▶ Exercise:
After locating the line that holds "this 1280×1280 image.", repeat it and each following line exactly until the material ends, skipping pictures.

▶ Listed entries:
Segment Open
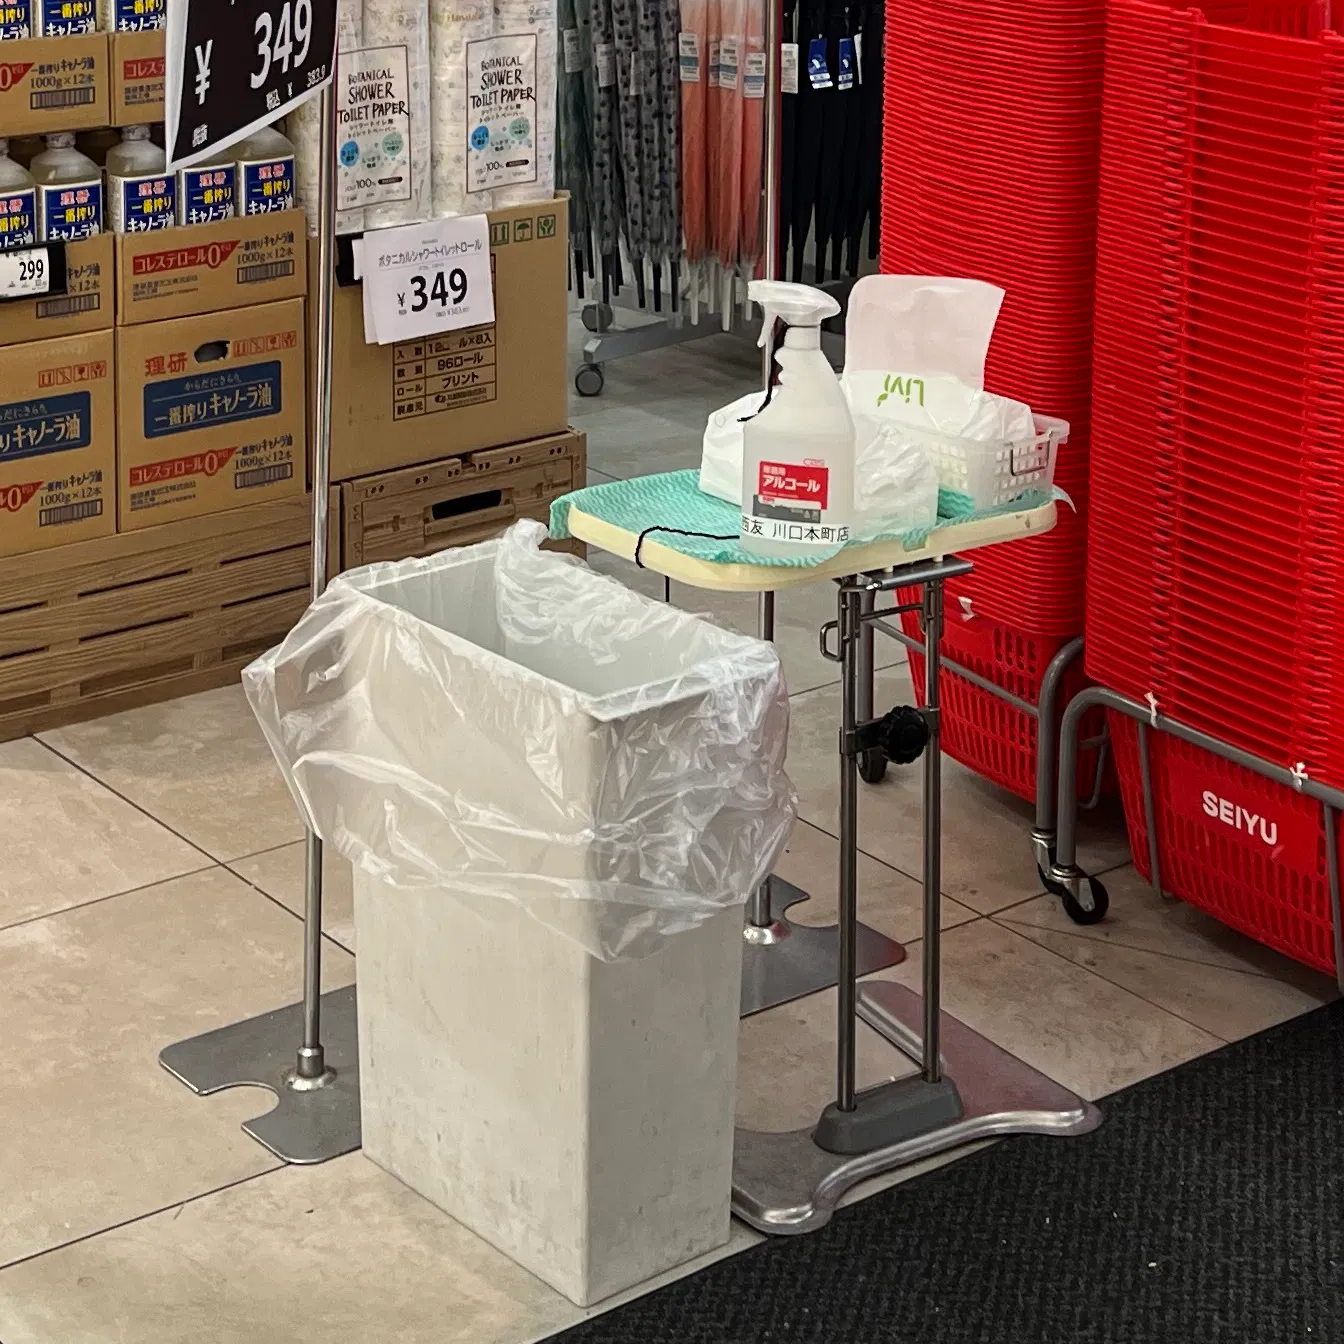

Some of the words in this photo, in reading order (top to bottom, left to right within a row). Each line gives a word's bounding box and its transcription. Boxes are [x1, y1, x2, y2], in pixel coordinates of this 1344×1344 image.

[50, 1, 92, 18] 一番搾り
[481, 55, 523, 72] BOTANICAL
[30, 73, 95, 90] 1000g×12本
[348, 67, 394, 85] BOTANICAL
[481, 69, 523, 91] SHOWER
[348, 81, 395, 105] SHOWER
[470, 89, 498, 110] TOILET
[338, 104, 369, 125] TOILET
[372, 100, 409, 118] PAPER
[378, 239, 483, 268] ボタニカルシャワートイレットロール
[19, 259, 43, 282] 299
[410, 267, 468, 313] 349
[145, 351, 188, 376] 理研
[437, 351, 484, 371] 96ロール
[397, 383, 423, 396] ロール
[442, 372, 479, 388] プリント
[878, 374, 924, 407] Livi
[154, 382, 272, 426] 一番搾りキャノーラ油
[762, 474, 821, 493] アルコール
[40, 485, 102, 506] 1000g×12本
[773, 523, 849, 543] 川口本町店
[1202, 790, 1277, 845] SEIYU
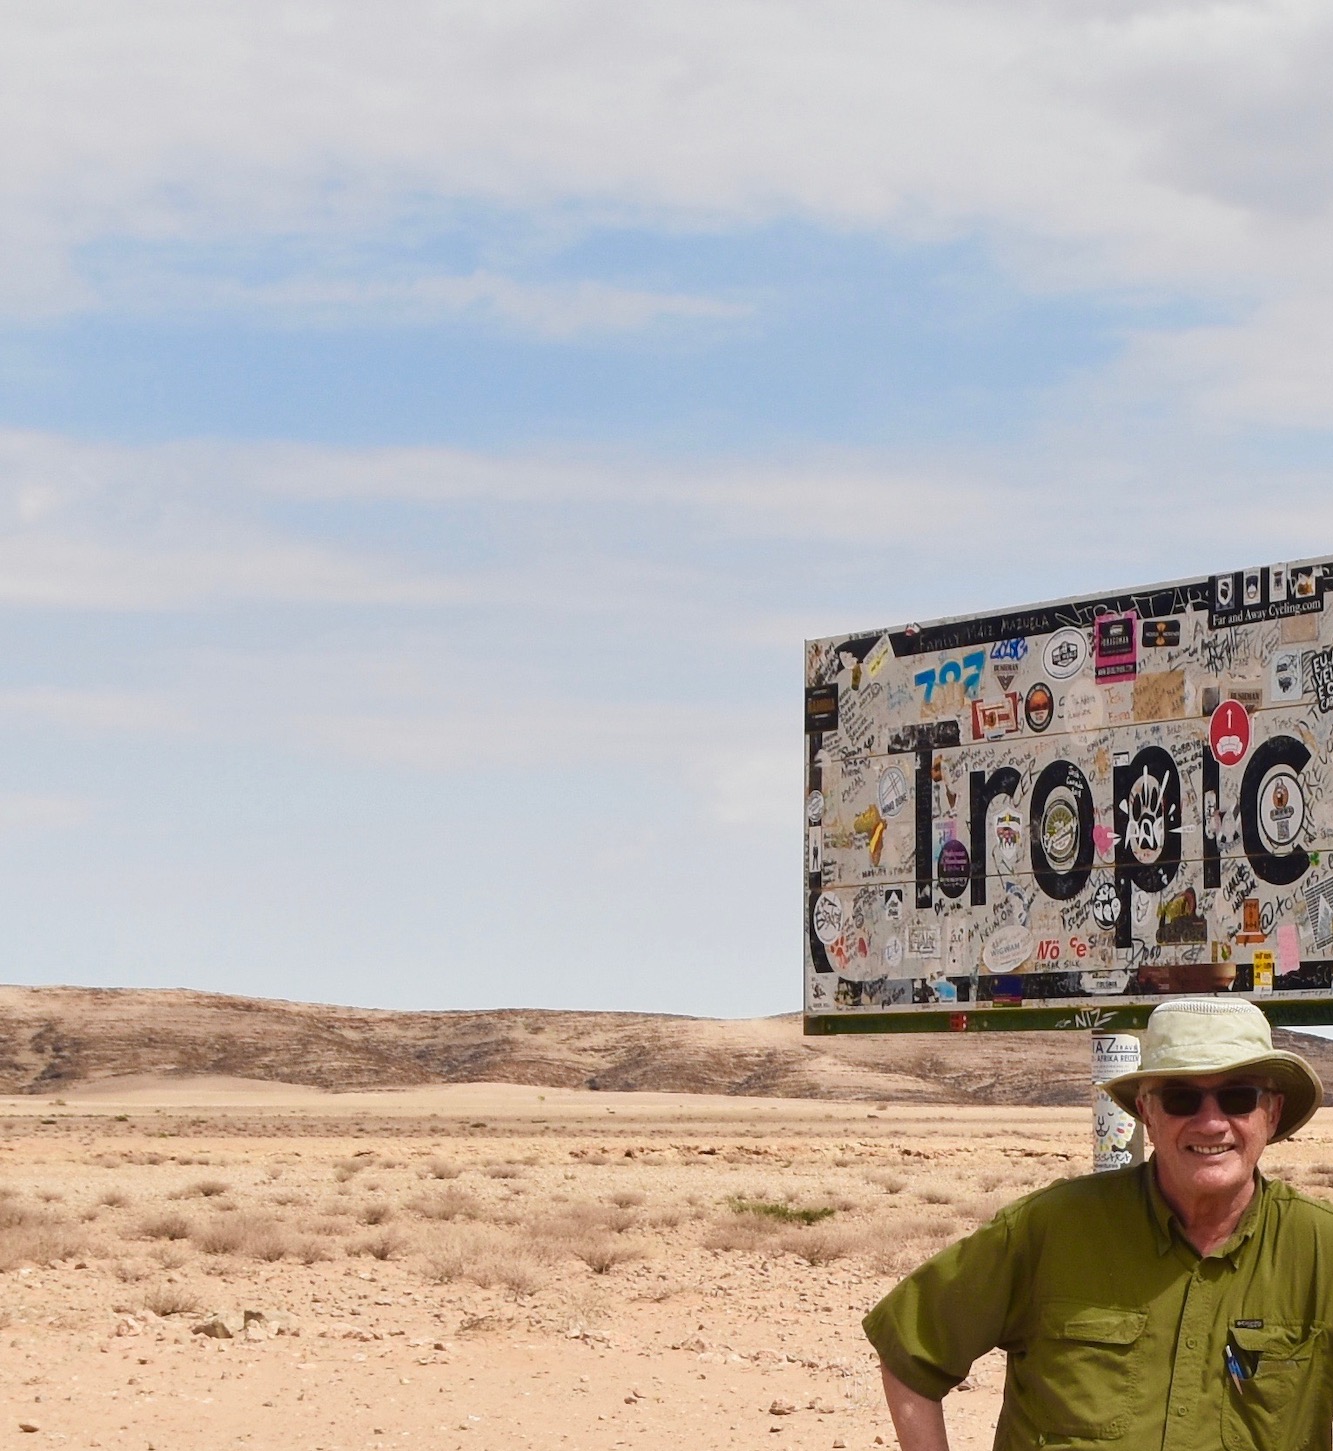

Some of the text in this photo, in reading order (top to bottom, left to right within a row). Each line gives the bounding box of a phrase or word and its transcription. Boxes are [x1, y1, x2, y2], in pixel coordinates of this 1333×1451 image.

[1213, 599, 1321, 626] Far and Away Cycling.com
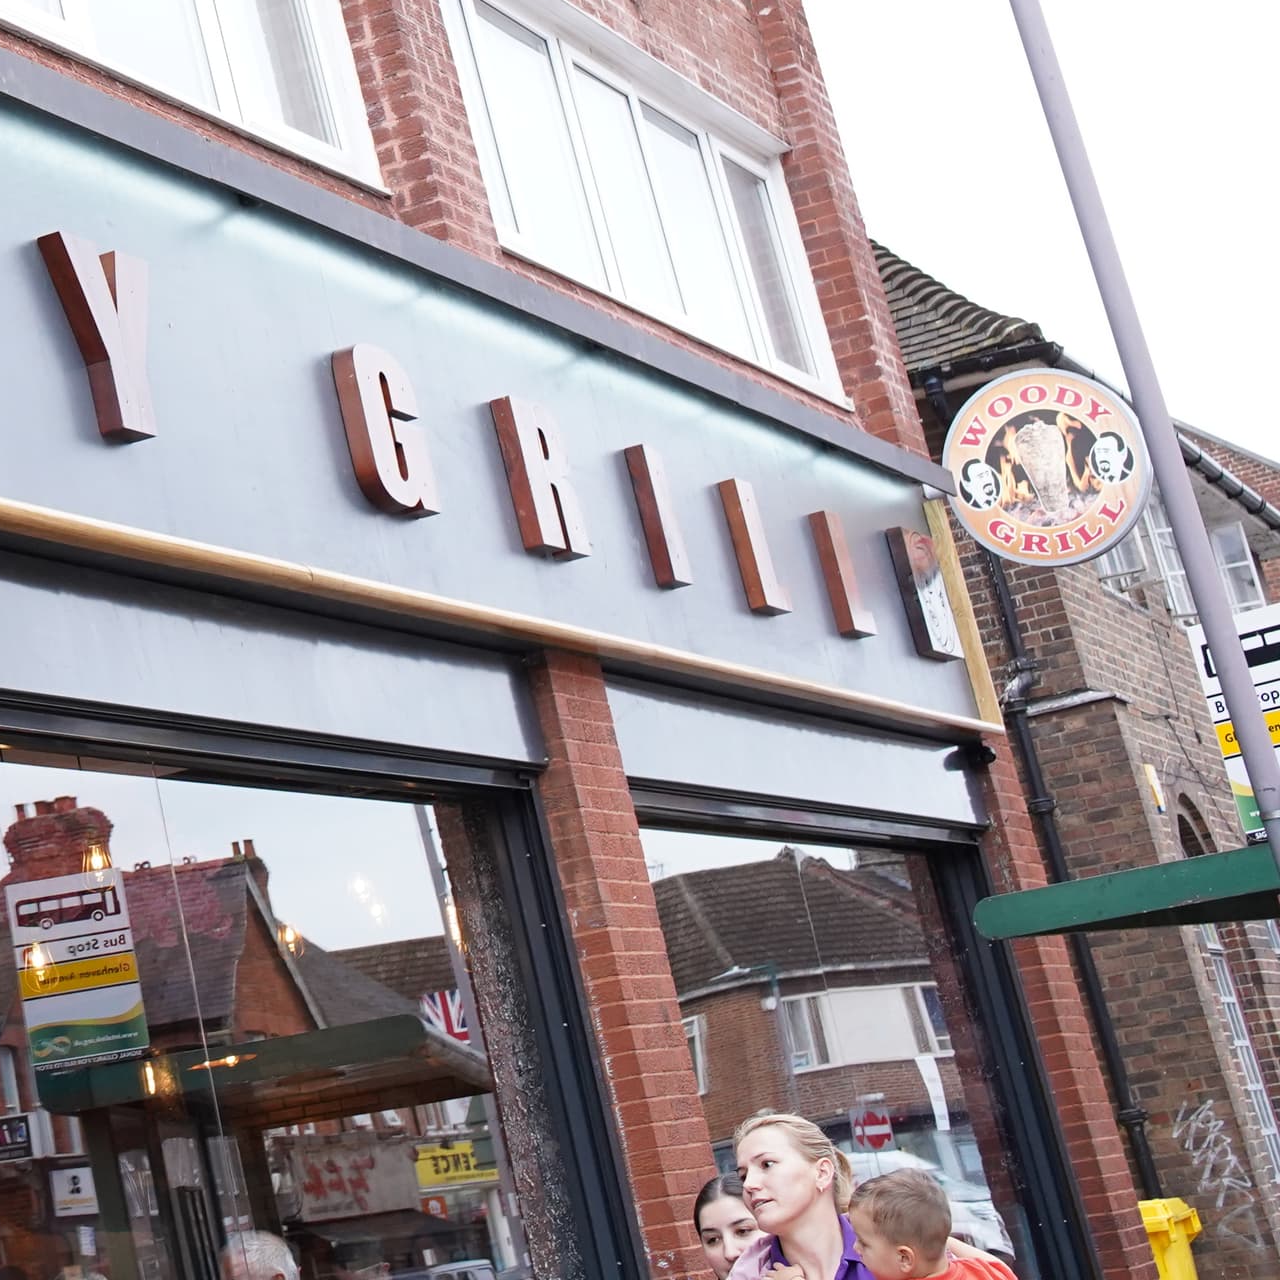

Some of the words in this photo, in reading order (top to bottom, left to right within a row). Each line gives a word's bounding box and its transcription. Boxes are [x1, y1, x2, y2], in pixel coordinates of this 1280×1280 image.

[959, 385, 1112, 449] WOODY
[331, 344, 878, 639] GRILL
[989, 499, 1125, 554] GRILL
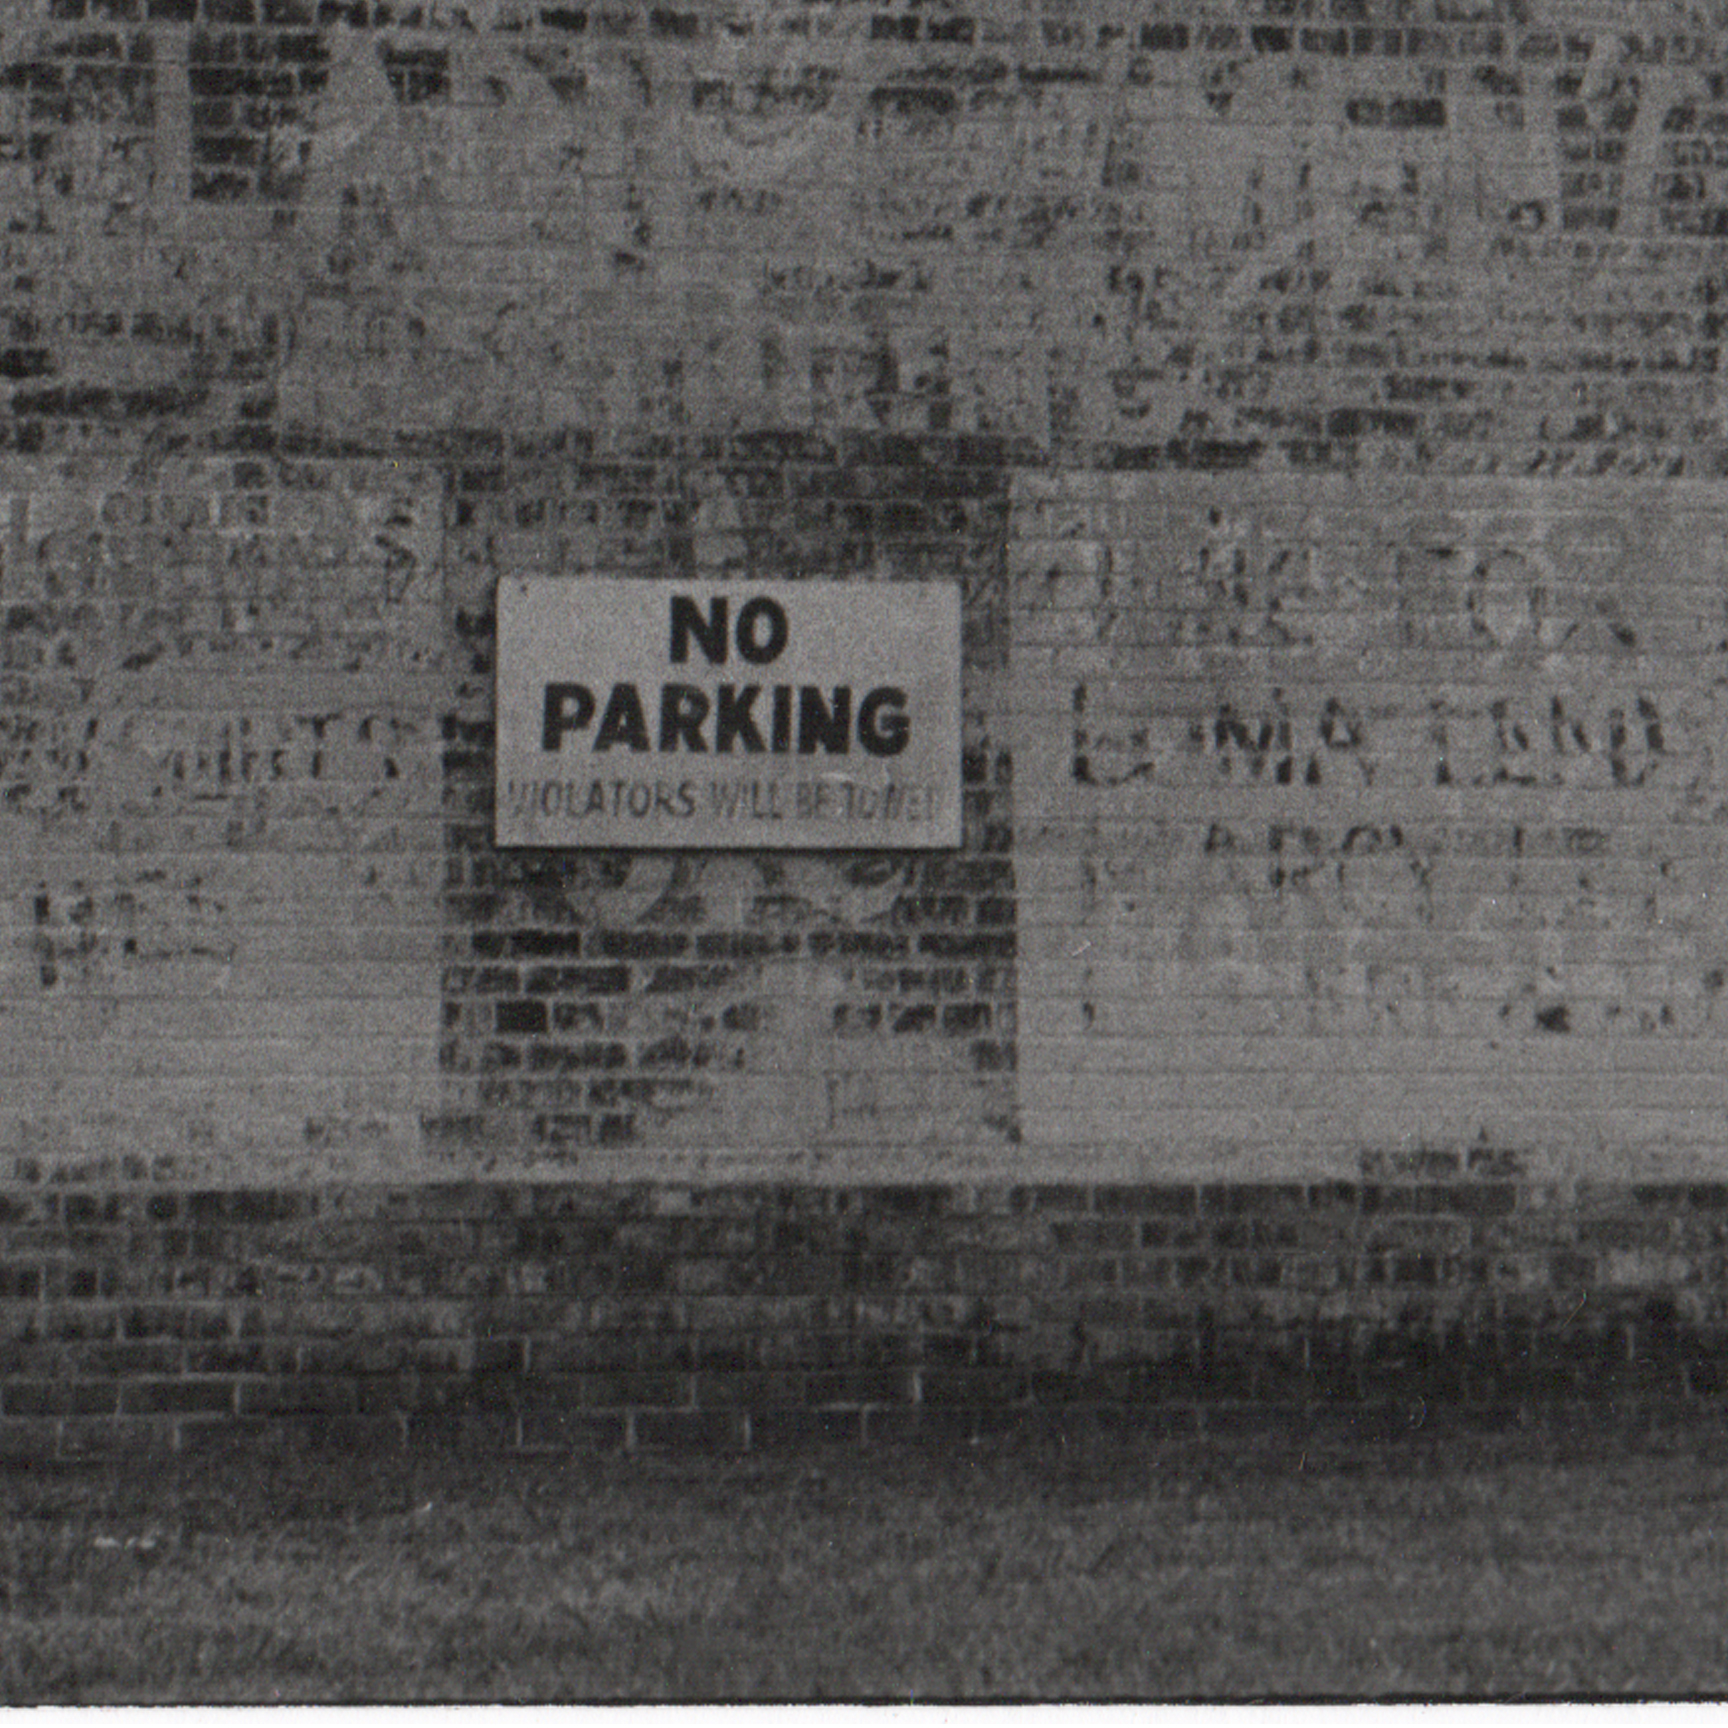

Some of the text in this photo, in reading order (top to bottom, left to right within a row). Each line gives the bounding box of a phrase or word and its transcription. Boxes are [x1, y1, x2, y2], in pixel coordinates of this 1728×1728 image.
Segment Closed
▶ Output below:
Some of the words in this photo, in reading order (top to bottom, left to right within a row). Each line gives a word's bounding box and its transcription. Boxes are [x1, y1, x2, y2], in pixel coordinates of this 1280×1280 image.

[959, 385, 1112, 449] WOODY
[331, 344, 878, 639] GRILL
[989, 499, 1125, 554] GRILL

Some of the text in this photo, in reading order (top to bottom, left to right within a row). Each line gives the bounding box of a phrase or word and its transcription. Boxes are [x1, y1, x2, y2], in pixel coordinates of this 1728×1728 image.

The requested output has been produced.